One group believes that the church should be used as a political platform, the other advocates passivity. So, what’s the answer?

First, we cannot deny our primary responsibility: To preach the gospel. This is how America will “truly” change from the inside out. The No. 1 problem in America is not a political problem; it’s a spiritual problem called sin. The primary goal of the church is not to become a political movement, but a spiritual influence.

Politics won’t save America; however, we cannot ignore our God-given civic responsibility and the massive impact that politics has on our society. Make no mistake about it: America’s leaders play an enormous role in shaping the direction of the country: “When the righteous are in authority, the people rejoice; but when the wicked man rules, the people groan” (Proverbs 29:2). For instance, there are legislators who support partial-birth abortion, as well as gay-marriage and other disturbing legislation. Do we honestly think that God is not concerned about our laws? “Woe to those who call evil good, and good evil” (Isaiah 5:20).

Politics is not always a bad word. It refers to governing or leading a group of people. We don’t have to abandon our ethics or compromise our principles to be involved in politics—what good is salt left in the shaker, or a light that is hidden? Contextually, when Jesus referred to being the “salt and light,” He was referring to holy living at the individual level, but the overlapping principle applies to all areas.

Politics has been instrumental in movements to protect the unborn and the poor, as well as the abolition of slavery, and civil rights, to mention only a few. These events all transpired because Christians took action. Leadership matters!

Now, with that said, as a pastor my involvement is limited more than most. My calling is not political; it’s preaching the glorious gospel of Jesus Christ! That’s my primary focus. Failure to recognize diverse gifts may explain why many people are divided. For instance, John MacArthur, James Dobson, Chuck Colson, and Billy Graham have/had different ministries. We should thank God for these men instead of critique them for their involvement (or lack thereof) in politics.

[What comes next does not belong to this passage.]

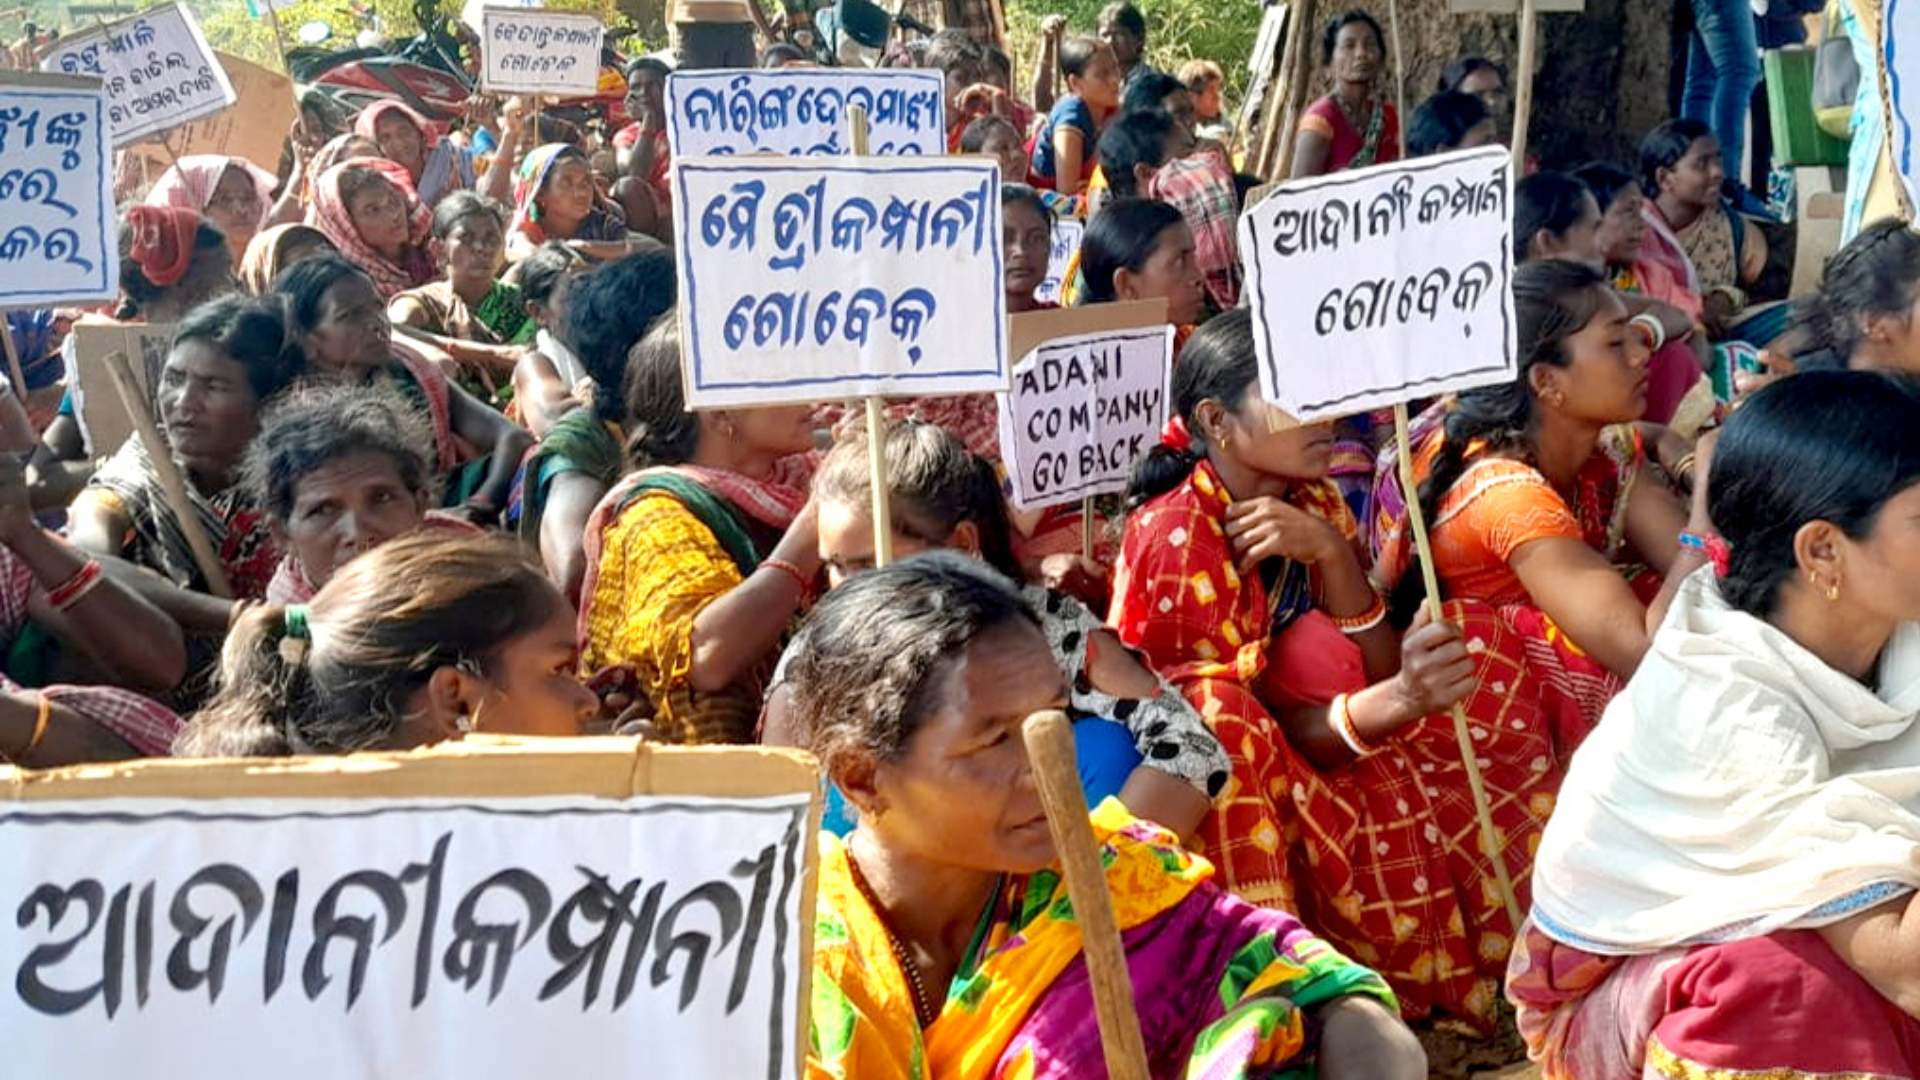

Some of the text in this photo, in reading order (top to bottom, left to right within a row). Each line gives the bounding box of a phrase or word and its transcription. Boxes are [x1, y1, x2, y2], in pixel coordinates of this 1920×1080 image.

[1020, 345, 1122, 396] ADANI
[1027, 388, 1159, 442] COMPANY
[1033, 433, 1144, 492] GO BACK
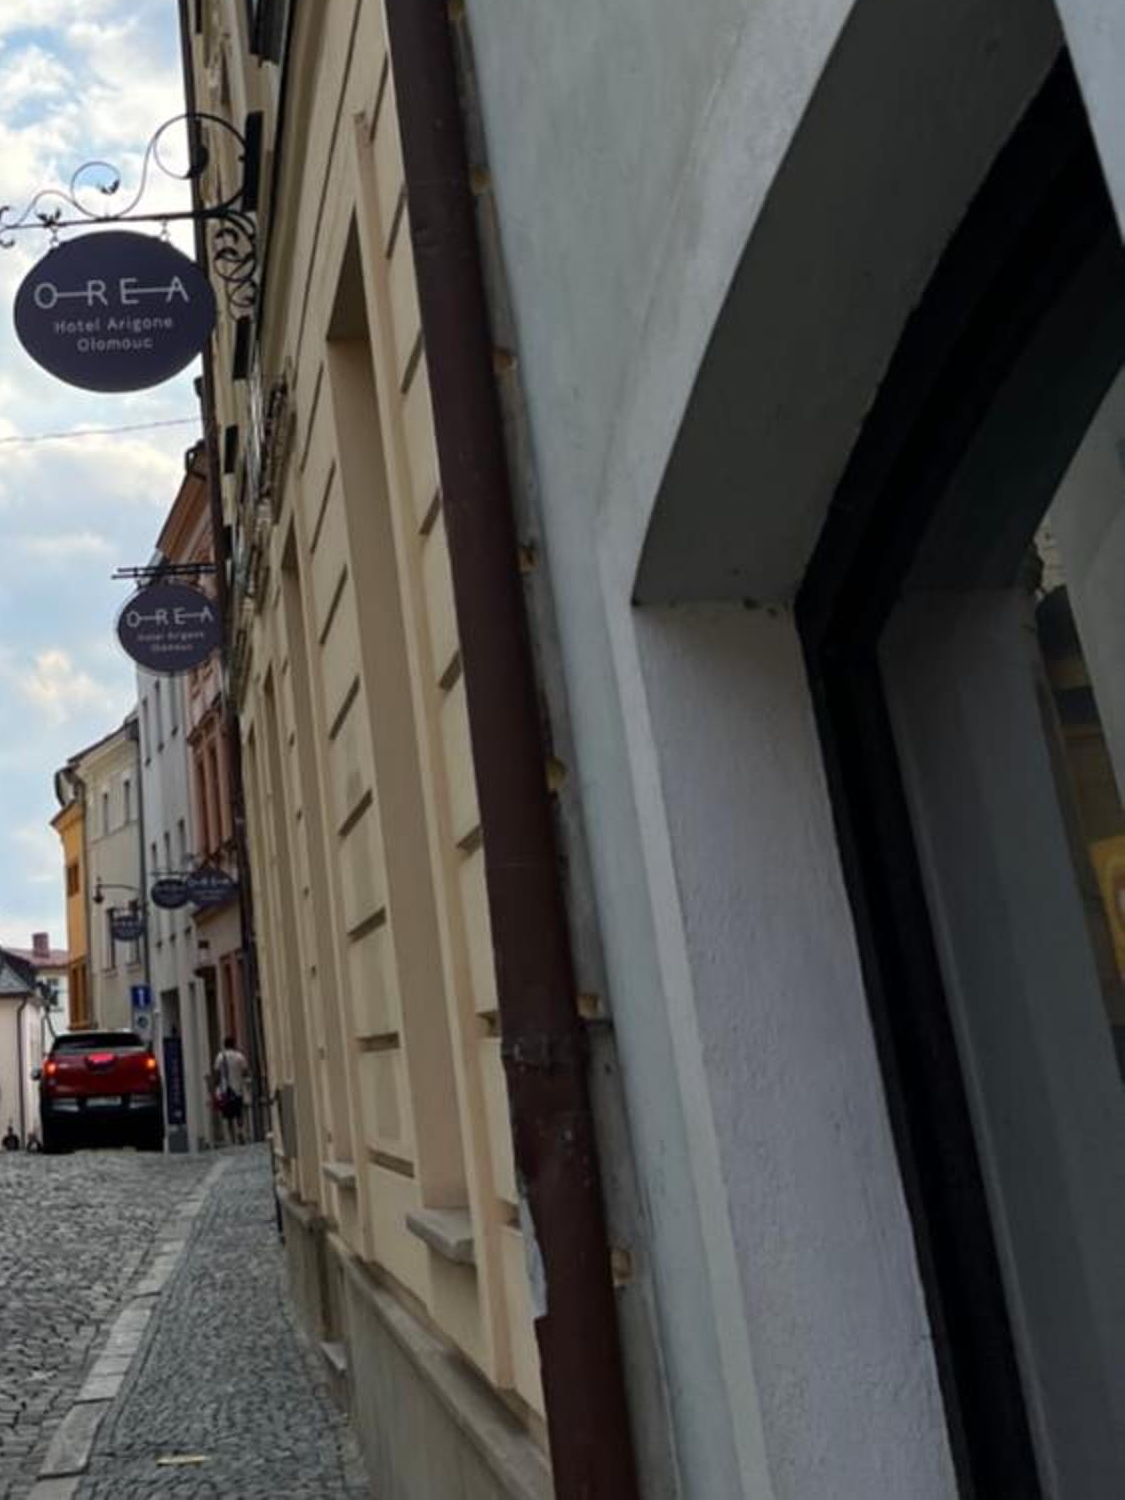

If God has called a man to preach and teach His Word, that will be his passion. If God has called a Christian to pursue politics, that will be his or her passion, and so on. Problems arise when we become judgmental and fail to respect our differences. Activists should not expect everyone to share their passion for politics, and those who believe Christians should stay out of politics must understand that God clearly calls some Christians to the political arena. God established the concept of government, why would He not desire godly leadership?

The state and the church are to be separate in their duties and functions, but interwoven in their core beliefs and principles. The institution of government was created by God to govern man—to protect and defend, and to administer justice. This is why it’s unwise to apply, as some do, many of Jesus’ teachings such as, “turning the other cheek,” to the institution of government. Contextually, Jesus was referring to personal affronts and insults, not to the administration of justice. One of the primary purposes of government is to protect those who obey the law from those who break it. (Refer to Romans 13:1-7.)

The question often arises, “Can we legislate morality?” No and yes. No, we cannot change a person’s heart by forcing a set of laws or rules upon them, but we can restrain evil and deter wrongdoing. Most laws are connected to some type of moral system—the laws of a nation establish the foundation. The government cannot remain neutral, or separate, from the foundation on which it rests. Granted, many governments, including our own, often fall short; that’s why we should strive to be on God’s side rather than always assuming that He is on ours. God ordained the institution of government, but He does not approve of every form of government.

Second, we should not overlook our civic responsibilities as Christians—if a mere 50 percent of eligible Christian voters would vote, the political landscape would change dramatically. James A. Garfield, an ordained minister and twentieth President of the United States, said, “Now, more than ever before, the people are responsible for the character of their Congress. If that body be ignorant, reckless, and corrupt, it is because the people tolerate ignorance, recklessness, and corruption.”

Politics that once focused largely on economic and security issues now tackles important moral issues. To remain silent actually makes a statement that we are not concerned. This is not just about the loss of jobs; it’s about the loss of morality. We’re not just talking about adding billions of dollars to the national deficit; we’re talking about aborting millions of babies. We’re not only talking about recovery in the housing market; we’re talking about creating life simply to destroy it. Topics that are “too controversial” are often critically important; we can no longer ignore them.

The short answer to, “Can we mix religion and politics?” is yes—separate but interwoven. Government and religion should not “sleep in the same bed” so to speak. The government has distinct and separate responsibilities from the church; abuses can occur under a State Church form of government; most students of history realize this. On the other hand, leaders must lead according to unchanging biblical truths found in God’s Word. “The church must be reminded that it is not the master or the servant of the state, but rather the conscience of the state” (Martin Luther King, Jr.).